Posit Science Corporation
- Company type: Private
- Founded: 2002; 23 years ago
- Founders: Jeffrey Zimman; Michael Merzenich;
- Headquarters: San Francisco, California, U.S.
- Area served: Worldwide
- Website: www.brainhq.com

= Posit Science Corporation =

American software company

Posit Science Corporation is an American company providing brain training software and services.

Originally known as Neuroscience Solutions Corporation, the company was founded in 2002 by neuroscientists Michael Merzenich and Henry Mahncke, who originally intended to help people with schizophrenia. It was renamed Posit Science Corporation in January, 2005.

Between 2002 and 2011, the company received about $36 million in funding from venture capitalists and others. During that time, its customers and funding sources included the U.S. Department of Defense and the National Institutes of Health, as well as insurance companies Group Health Cooperative, The Hartford, and Allstate. It grew to have 86 employees in 2007 and then cut staff to 11 by 2011, since revenue was not meeting their expectations.

The field of brain training has been driven by advertising making strong claims. Starting in January 2015, the United States Federal Trade Commission (FTC) sued companies selling "brain training" programs or other products marketed as improving cognitive function, including WordSmart Corporation, the company that makes Lumosity, for deceptive advertising and later that year the FTC also sued LearningRx; Posit was not sued by the FTC.

A 2016 review of studies in the field found that there was some evidence that some of brain training programs improved performance on tasks in which users were trained, less evidence that improvements in performance generalize to related tasks, and almost no evidence that brain training generalizes to everyday cognitive performance; in addition most clinical studies were flawed.

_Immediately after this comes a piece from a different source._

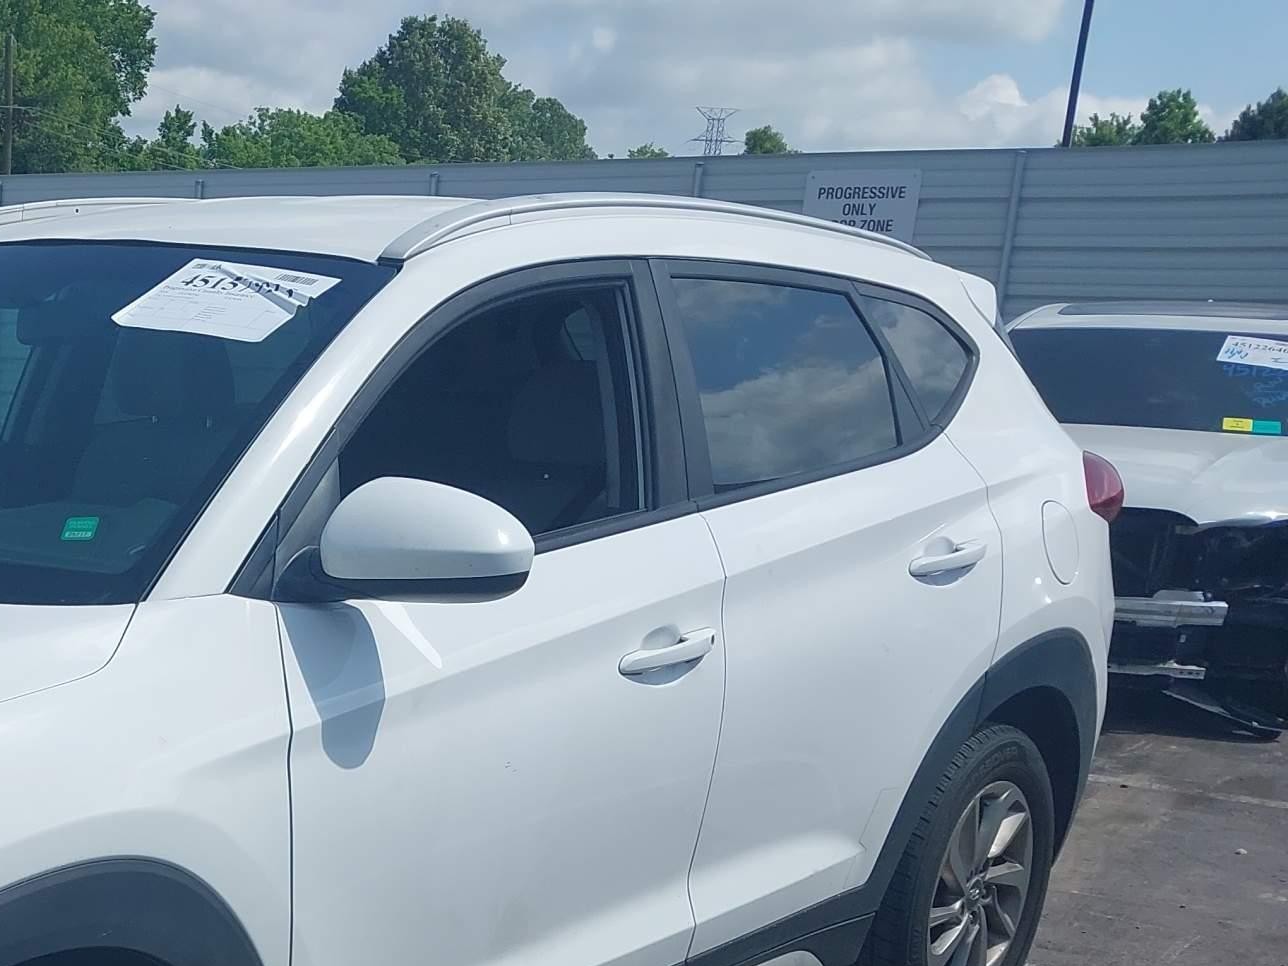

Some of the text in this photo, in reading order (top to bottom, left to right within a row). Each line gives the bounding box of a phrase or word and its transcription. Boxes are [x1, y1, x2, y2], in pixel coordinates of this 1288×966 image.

In 2017, a group of Australian scientists undertook a systematic review of what studies have been published of commercially available brain training programs in an attempt to give consumers and doctors credible information on which brain training programs are actually scientifically proved to work. Unfortunately, after reviewing close to 8,000 studies about brain training programs marketed to healthy older adults that were studied, most programs had no peer reviewed published evidence of their efficacy and of the seven brain training programs that did, only two of those had multiple studies, including at least one study of high quality: BrainHQ (from Posit Science) and CogniFit.